No mundo oriental, a situação não é muito diferente. Pelo contrário: é até melhor. Na Ásia, o índice de homicídios é de 3 por 100 mil habitantes. Em Hong Kong e no Japão, por exemplo, a média em geral não passa de 0,5/100 mil habitantes, o que facilmente pode ser debitado na conta de crimes passionais – aos quais a humanidade inteira está sujeita – e um ou outro caso perdido de psicopatas, outra fatalidade da espécie humana. Ao contrário deste lado do planeta, os assassinatos são puramente episódicos e constituem uma taxa residual inerente ao gênero humano; não há uma indústria da morte, como há por estas bandas.

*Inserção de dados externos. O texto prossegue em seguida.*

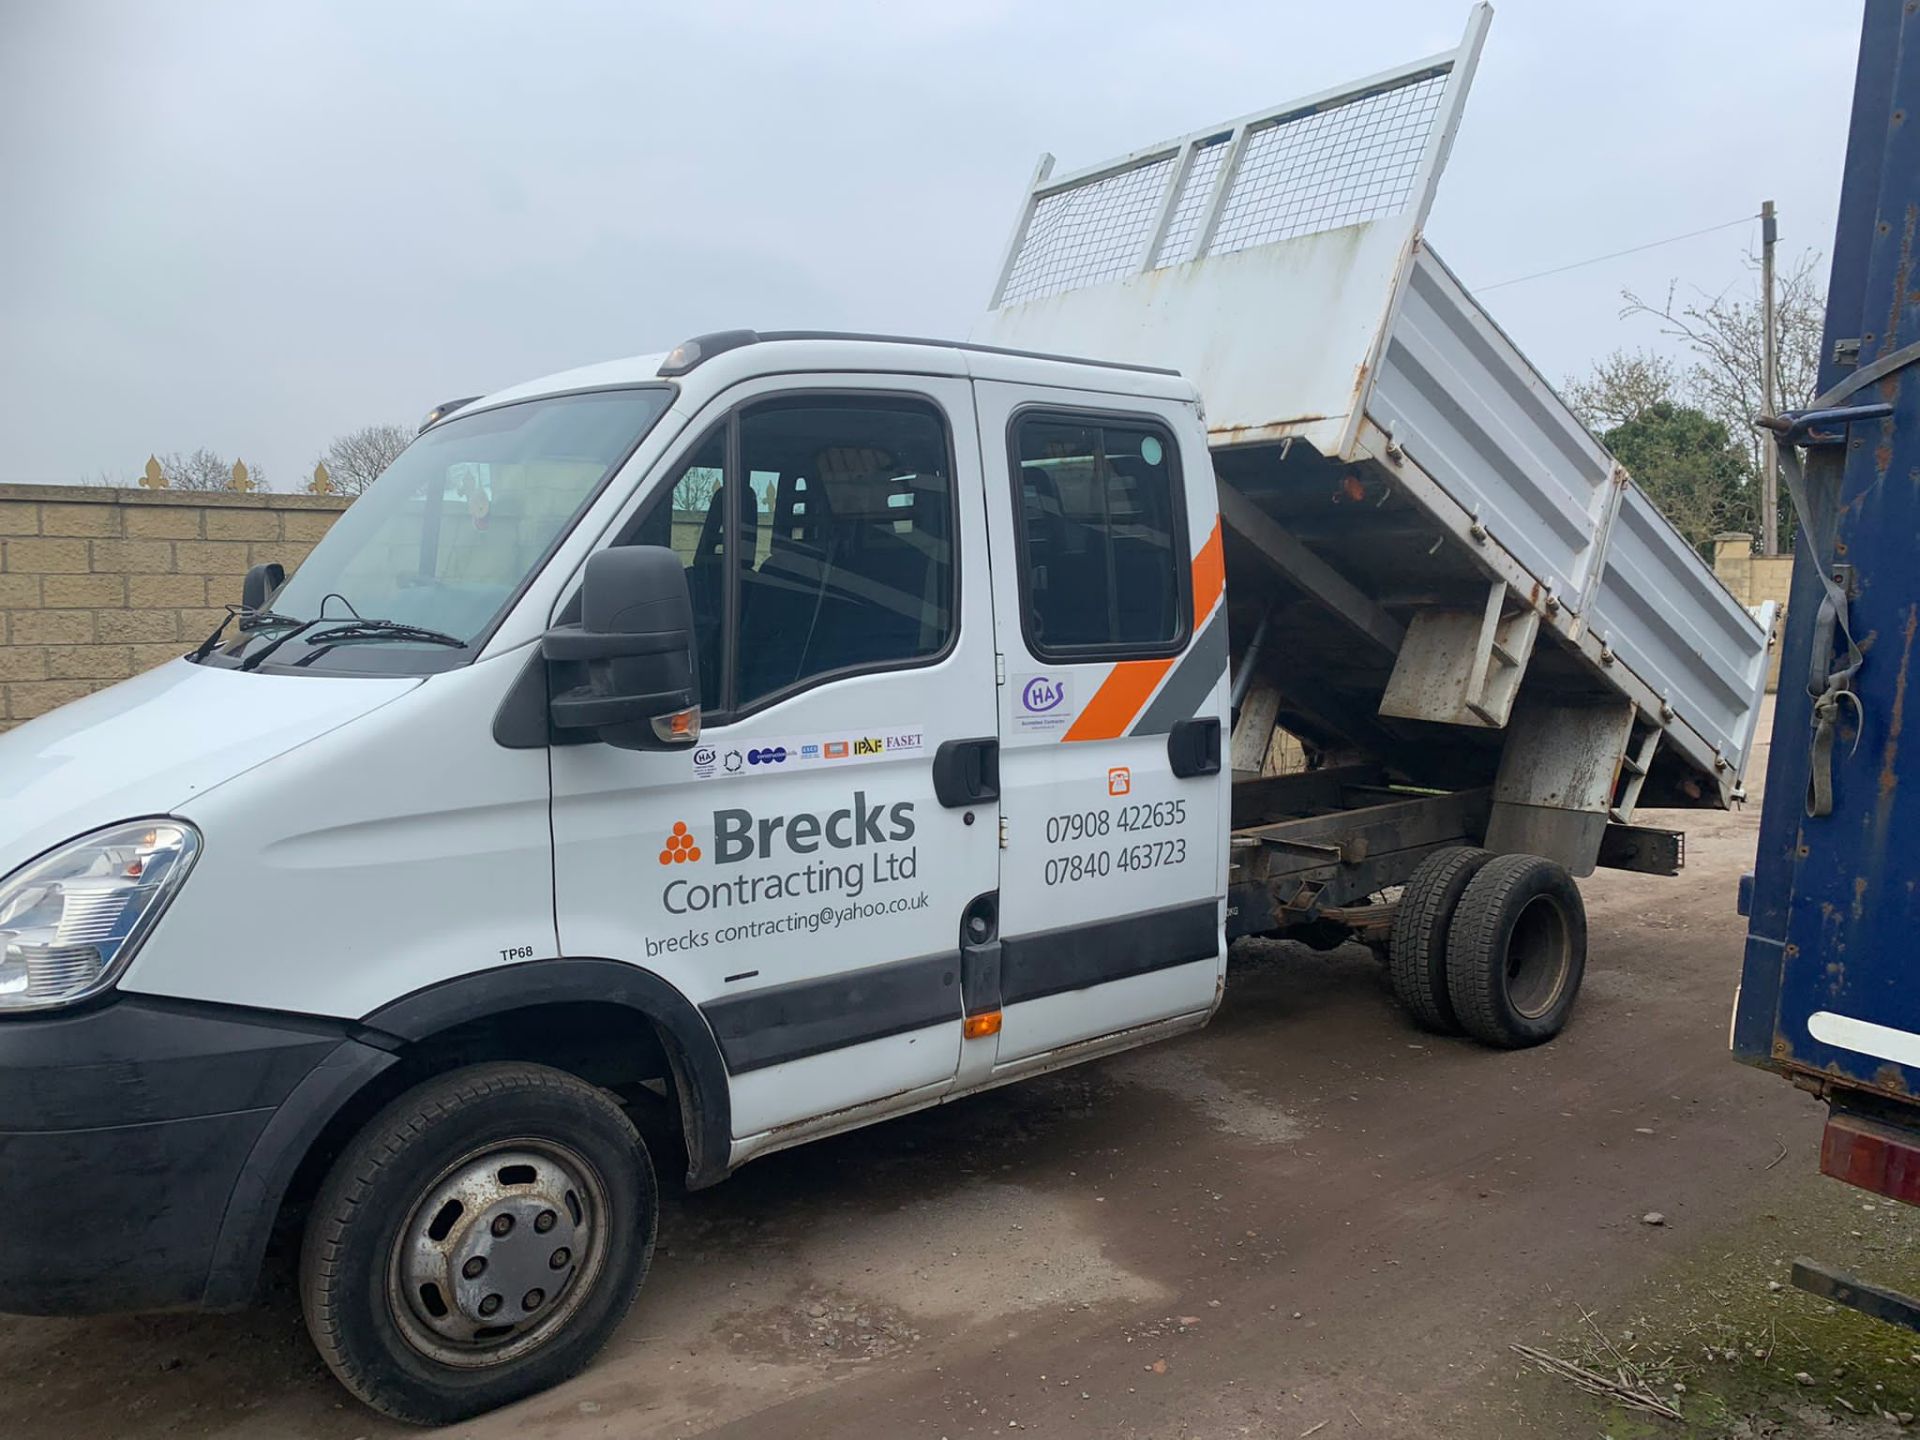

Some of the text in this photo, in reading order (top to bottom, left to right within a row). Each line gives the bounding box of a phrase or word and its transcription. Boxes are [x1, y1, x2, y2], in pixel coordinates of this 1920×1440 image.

[1022, 676, 1064, 712] CHAS
[693, 748, 716, 765] CHAS
[853, 736, 882, 755] IPAF
[886, 734, 923, 748] FASET
[713, 791, 915, 864] Brecks
[1046, 799, 1186, 843] 07908 422635
[662, 846, 917, 914] Contracting Ltd
[1045, 838, 1186, 886] 07840 463723
[645, 891, 929, 957] brecks contracting@yahoo.co.uk
[500, 945, 533, 961] TP68

Como último recurso, é possível contrapor à epidemia americana os índices de violência presentes no continente africano. No cômputo geral, a África exibe níveis de homicídios superiores à media da América. Todavia, mesmo isso deve ser visto com grão de sal. Considerando que boa parte da África Central e Oriental permanece em constantes guerras civis, não é difícil entender porque os índices de violência são tão altos por lá. Onde os conflitos escasseiam, como na África Setentrional, a taxa de homicídios é apenas um terço da americana (5,9 por 100 mil habitantes).

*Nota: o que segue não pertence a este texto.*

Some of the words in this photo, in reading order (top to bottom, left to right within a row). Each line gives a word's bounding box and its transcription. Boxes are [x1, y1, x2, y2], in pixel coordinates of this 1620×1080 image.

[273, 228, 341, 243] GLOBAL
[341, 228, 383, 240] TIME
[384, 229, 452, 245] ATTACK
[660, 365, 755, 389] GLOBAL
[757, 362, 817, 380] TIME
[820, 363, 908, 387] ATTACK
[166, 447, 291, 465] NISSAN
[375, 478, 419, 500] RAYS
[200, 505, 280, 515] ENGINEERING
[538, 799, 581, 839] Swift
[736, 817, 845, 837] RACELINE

Quando, ao analisar uma questão, um sujeito recorre a abstrações do tipo “é preciso entender as causas maiores relacionadas ao problema”, normalmente é sinal de que vem empulhação pela frente. Neste caso, contudo, a generalização se justifica. É impossível que um só fator explique tamanha desconexão entre o padrão de violência existente nas Américas e o vigente no restante do planeta.
E a grande questão que fica é: o que há de errado com o continente americano?

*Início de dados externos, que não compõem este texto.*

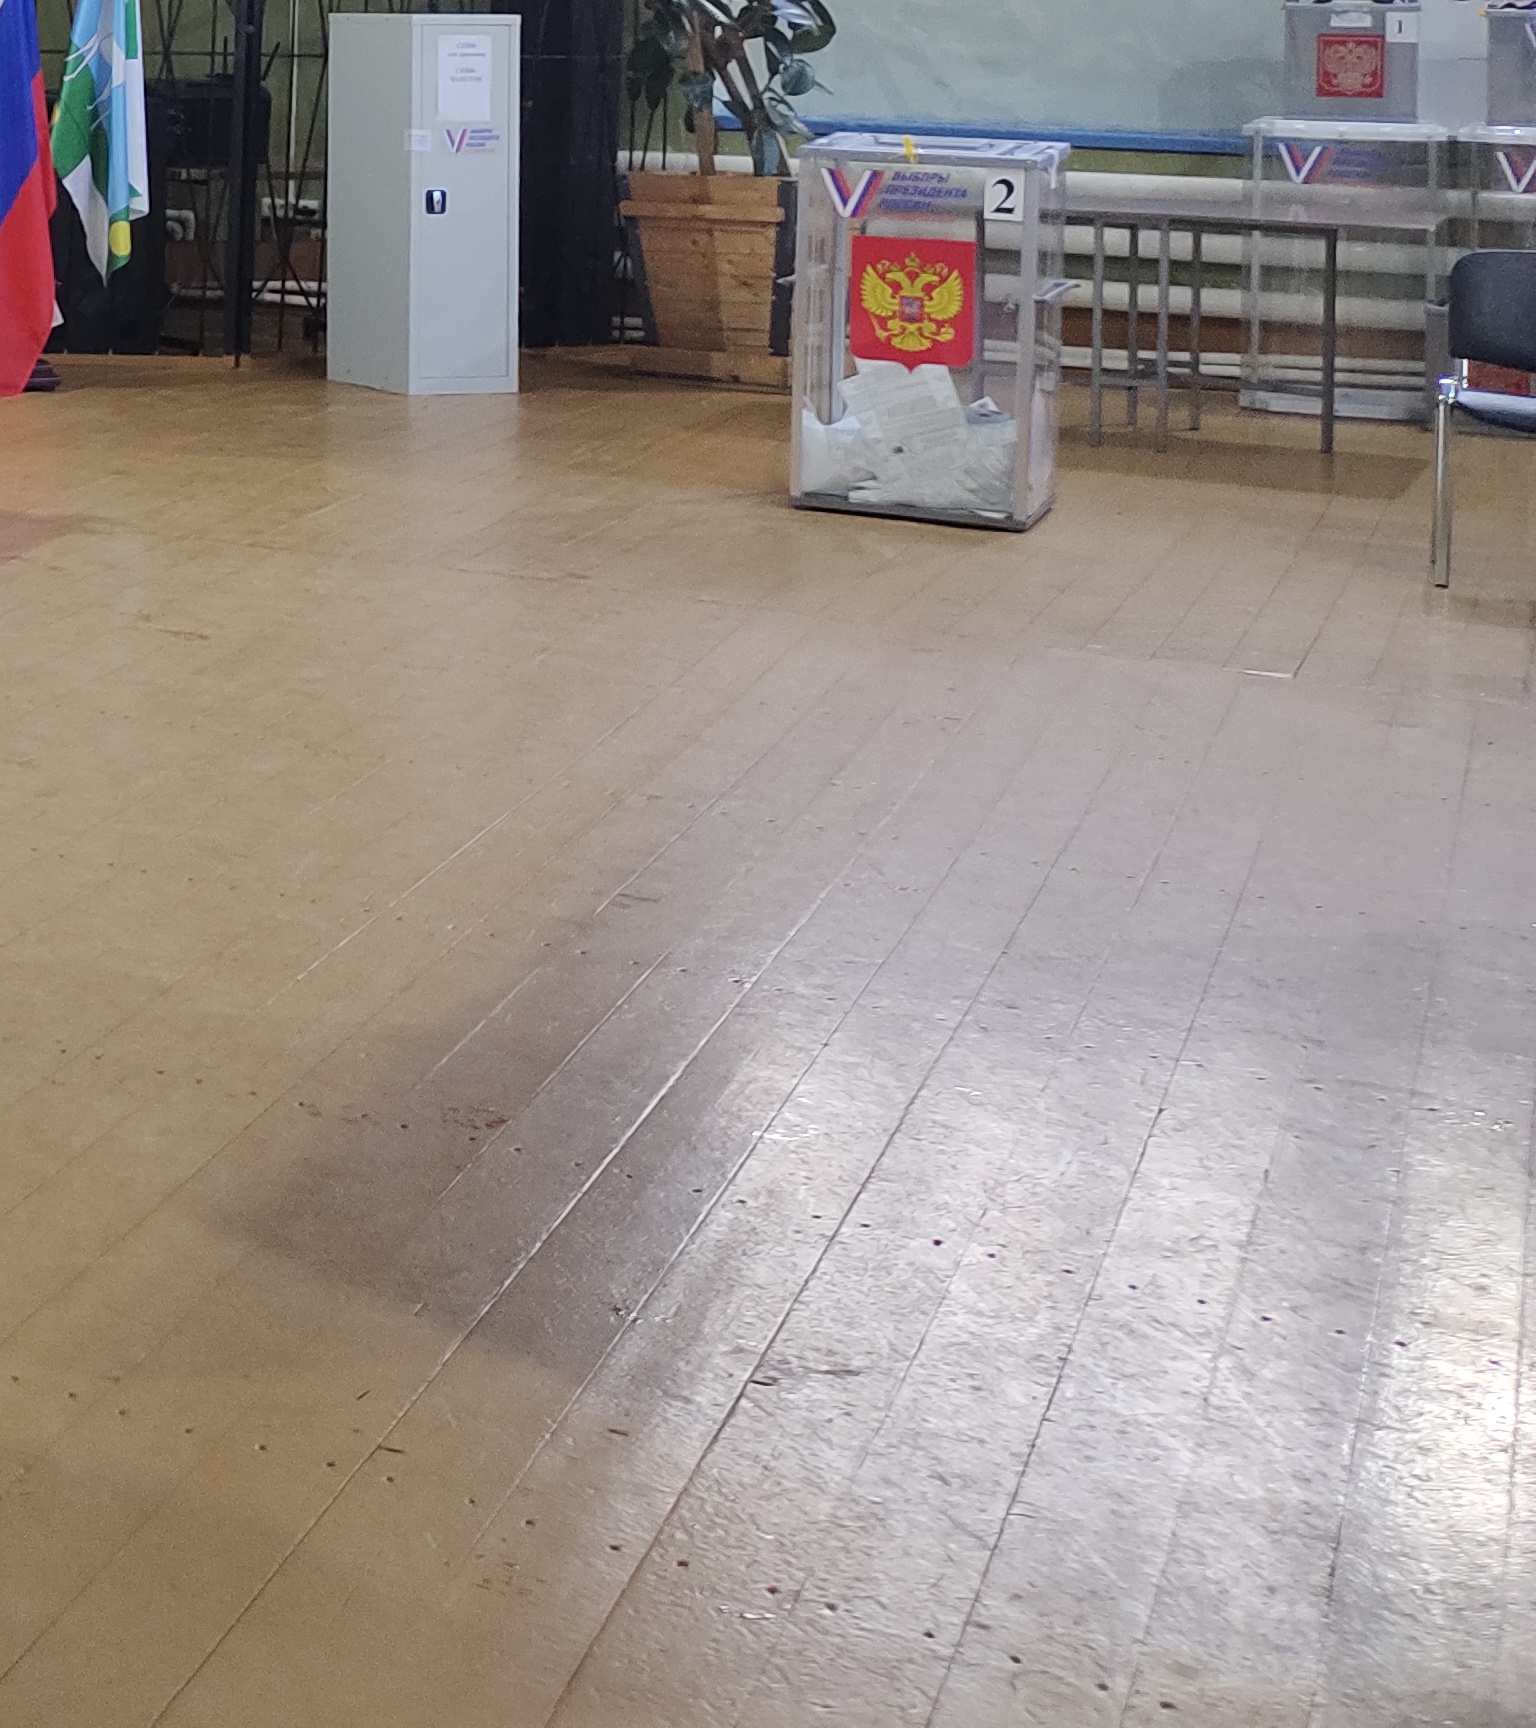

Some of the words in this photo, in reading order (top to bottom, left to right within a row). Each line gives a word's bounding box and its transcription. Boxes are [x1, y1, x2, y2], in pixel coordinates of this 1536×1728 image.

[891, 171, 950, 184] ВЫБОРЫ
[883, 184, 968, 200] ПРЕЗИДЕНТА
[991, 178, 1016, 215] 2

Realmente desperta a curiosidade saber as razões do continente americano ser de longe o mais violento. Arrisco dizer que a impunidade e as drogas estão entre os principais motivos desses índices calamitosos do Brasil.
Todavia, a curiosidade me fez lembrar mesmo foi de um pobre e pequenino país, perseguido pela grande potência. Fui então a cata de dados sobre o mencionado índice na pequena ilha. E não é que em Cuba esse número é de 4,2 homicídios por 100 mil habitantes.
Calma, não precisam os meus amigos da direita se preocuparem e nem começarem a me xingar, pois isso nada tem a ver com o regime, haja vista que o Chile, representante maior da politica neoliberal na América Latina, tem índice ainda menor, 3,1 homicídios.
Os dados fazem do Estudo Global sobre homicídios 2013, realizado pelo Escritório das Nações Unidas Sobre Drogas e Crimes, que aponta ainda a Argentina com 5,2 homicídios por 100 mil habitantes e o Uruguai com 7,9 homicídios, outros exemplos dignos de registro diante dos desastrosos dados do continente americano.
Quantos as causas do que acontece com a América, seria tema digno do amigo elaborar novo texto dando continuidade ao presente artigo.
Um grande abraço.
De fato, há honrosas exceções na América do Sul, meu caro. Mesmo assim, mesmo você não haverá de negar que, no seu conjunto, o continente sul-americano constitui um dos mais violentos do mundo. E, nesse caso, a violência não escolhe espectro partidário, como você bem apontou. Um abraço.